Text-to-region grounding data

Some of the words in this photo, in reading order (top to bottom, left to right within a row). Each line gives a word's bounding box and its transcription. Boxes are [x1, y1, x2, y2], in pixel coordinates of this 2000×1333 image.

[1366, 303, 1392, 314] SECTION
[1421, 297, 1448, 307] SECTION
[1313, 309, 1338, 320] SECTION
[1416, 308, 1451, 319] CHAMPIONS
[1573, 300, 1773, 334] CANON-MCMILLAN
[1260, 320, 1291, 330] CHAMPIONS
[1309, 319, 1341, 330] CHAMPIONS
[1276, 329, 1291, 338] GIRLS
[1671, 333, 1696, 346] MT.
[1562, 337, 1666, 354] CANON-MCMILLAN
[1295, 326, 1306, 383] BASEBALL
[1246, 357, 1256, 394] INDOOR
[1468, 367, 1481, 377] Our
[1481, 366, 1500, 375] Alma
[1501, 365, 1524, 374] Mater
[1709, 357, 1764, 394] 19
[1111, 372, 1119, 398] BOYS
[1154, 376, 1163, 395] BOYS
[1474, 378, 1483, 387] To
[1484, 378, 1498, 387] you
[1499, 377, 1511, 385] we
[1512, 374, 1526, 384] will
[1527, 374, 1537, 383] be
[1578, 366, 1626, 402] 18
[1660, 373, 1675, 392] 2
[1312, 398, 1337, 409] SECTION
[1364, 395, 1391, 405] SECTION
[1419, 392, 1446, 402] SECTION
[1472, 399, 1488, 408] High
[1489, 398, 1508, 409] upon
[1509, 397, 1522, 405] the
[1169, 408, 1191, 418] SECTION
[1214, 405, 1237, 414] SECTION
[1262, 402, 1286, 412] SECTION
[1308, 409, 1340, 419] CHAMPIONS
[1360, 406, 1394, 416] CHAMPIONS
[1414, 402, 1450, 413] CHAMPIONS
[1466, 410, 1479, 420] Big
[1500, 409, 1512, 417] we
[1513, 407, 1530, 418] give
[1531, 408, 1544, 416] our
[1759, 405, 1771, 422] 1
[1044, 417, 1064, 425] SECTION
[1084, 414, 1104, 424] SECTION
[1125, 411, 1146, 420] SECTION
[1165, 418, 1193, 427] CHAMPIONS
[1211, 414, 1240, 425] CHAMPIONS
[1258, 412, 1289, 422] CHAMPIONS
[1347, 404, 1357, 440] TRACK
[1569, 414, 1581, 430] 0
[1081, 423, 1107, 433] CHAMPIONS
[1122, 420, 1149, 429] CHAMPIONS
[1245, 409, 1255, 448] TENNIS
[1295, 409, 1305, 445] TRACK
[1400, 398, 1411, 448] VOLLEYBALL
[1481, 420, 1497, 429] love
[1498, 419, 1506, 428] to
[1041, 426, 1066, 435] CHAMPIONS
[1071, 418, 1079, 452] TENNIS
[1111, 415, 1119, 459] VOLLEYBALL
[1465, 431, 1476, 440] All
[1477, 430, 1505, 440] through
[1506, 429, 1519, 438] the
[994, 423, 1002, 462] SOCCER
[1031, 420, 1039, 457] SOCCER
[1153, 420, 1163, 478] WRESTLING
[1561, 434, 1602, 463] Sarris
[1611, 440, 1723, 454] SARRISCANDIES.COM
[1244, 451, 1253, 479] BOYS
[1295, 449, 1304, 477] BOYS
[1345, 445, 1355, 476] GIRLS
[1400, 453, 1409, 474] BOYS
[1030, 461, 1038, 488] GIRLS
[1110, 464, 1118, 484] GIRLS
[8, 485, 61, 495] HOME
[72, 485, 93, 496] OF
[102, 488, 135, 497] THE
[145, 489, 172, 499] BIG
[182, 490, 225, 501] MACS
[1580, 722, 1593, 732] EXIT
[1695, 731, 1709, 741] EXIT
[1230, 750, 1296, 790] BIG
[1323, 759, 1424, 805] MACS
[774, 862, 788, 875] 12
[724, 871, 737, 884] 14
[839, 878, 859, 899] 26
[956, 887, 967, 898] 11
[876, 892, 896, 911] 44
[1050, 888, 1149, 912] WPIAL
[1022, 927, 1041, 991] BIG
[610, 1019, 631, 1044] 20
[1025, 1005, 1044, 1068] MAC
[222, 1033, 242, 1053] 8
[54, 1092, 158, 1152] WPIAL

:: Try it ::
Please output the entries above, every line exactly as it reads.

:: Result of this task ::
Some of the words in this photo, in reading order (top to bottom, left to right within a row). Each line gives a word's bounding box and its transcription. Boxes are [x1, y1, x2, y2], in pixel coordinates of this 2000×1333 image.

[1366, 303, 1392, 314] SECTION
[1421, 297, 1448, 307] SECTION
[1313, 309, 1338, 320] SECTION
[1416, 308, 1451, 319] CHAMPIONS
[1573, 300, 1773, 334] CANON-MCMILLAN
[1260, 320, 1291, 330] CHAMPIONS
[1309, 319, 1341, 330] CHAMPIONS
[1276, 329, 1291, 338] GIRLS
[1671, 333, 1696, 346] MT.
[1562, 337, 1666, 354] CANON-MCMILLAN
[1295, 326, 1306, 383] BASEBALL
[1246, 357, 1256, 394] INDOOR
[1468, 367, 1481, 377] Our
[1481, 366, 1500, 375] Alma
[1501, 365, 1524, 374] Mater
[1709, 357, 1764, 394] 19
[1111, 372, 1119, 398] BOYS
[1154, 376, 1163, 395] BOYS
[1474, 378, 1483, 387] To
[1484, 378, 1498, 387] you
[1499, 377, 1511, 385] we
[1512, 374, 1526, 384] will
[1527, 374, 1537, 383] be
[1578, 366, 1626, 402] 18
[1660, 373, 1675, 392] 2
[1312, 398, 1337, 409] SECTION
[1364, 395, 1391, 405] SECTION
[1419, 392, 1446, 402] SECTION
[1472, 399, 1488, 408] High
[1489, 398, 1508, 409] upon
[1509, 397, 1522, 405] the
[1169, 408, 1191, 418] SECTION
[1214, 405, 1237, 414] SECTION
[1262, 402, 1286, 412] SECTION
[1308, 409, 1340, 419] CHAMPIONS
[1360, 406, 1394, 416] CHAMPIONS
[1414, 402, 1450, 413] CHAMPIONS
[1466, 410, 1479, 420] Big
[1500, 409, 1512, 417] we
[1513, 407, 1530, 418] give
[1531, 408, 1544, 416] our
[1759, 405, 1771, 422] 1
[1044, 417, 1064, 425] SECTION
[1084, 414, 1104, 424] SECTION
[1125, 411, 1146, 420] SECTION
[1165, 418, 1193, 427] CHAMPIONS
[1211, 414, 1240, 425] CHAMPIONS
[1258, 412, 1289, 422] CHAMPIONS
[1347, 404, 1357, 440] TRACK
[1569, 414, 1581, 430] 0
[1081, 423, 1107, 433] CHAMPIONS
[1122, 420, 1149, 429] CHAMPIONS
[1245, 409, 1255, 448] TENNIS
[1295, 409, 1305, 445] TRACK
[1400, 398, 1411, 448] VOLLEYBALL
[1481, 420, 1497, 429] love
[1498, 419, 1506, 428] to
[1041, 426, 1066, 435] CHAMPIONS
[1071, 418, 1079, 452] TENNIS
[1111, 415, 1119, 459] VOLLEYBALL
[1465, 431, 1476, 440] All
[1477, 430, 1505, 440] through
[1506, 429, 1519, 438] the
[994, 423, 1002, 462] SOCCER
[1031, 420, 1039, 457] SOCCER
[1153, 420, 1163, 478] WRESTLING
[1561, 434, 1602, 463] Sarris
[1611, 440, 1723, 454] SARRISCANDIES.COM
[1244, 451, 1253, 479] BOYS
[1295, 449, 1304, 477] BOYS
[1345, 445, 1355, 476] GIRLS
[1400, 453, 1409, 474] BOYS
[1030, 461, 1038, 488] GIRLS
[1110, 464, 1118, 484] GIRLS
[8, 485, 61, 495] HOME
[72, 485, 93, 496] OF
[102, 488, 135, 497] THE
[145, 489, 172, 499] BIG
[182, 490, 225, 501] MACS
[1580, 722, 1593, 732] EXIT
[1695, 731, 1709, 741] EXIT
[1230, 750, 1296, 790] BIG
[1323, 759, 1424, 805] MACS
[774, 862, 788, 875] 12
[724, 871, 737, 884] 14
[839, 878, 859, 899] 26
[956, 887, 967, 898] 11
[876, 892, 896, 911] 44
[1050, 888, 1149, 912] WPIAL
[1022, 927, 1041, 991] BIG
[610, 1019, 631, 1044] 20
[1025, 1005, 1044, 1068] MAC
[222, 1033, 242, 1053] 8
[54, 1092, 158, 1152] WPIAL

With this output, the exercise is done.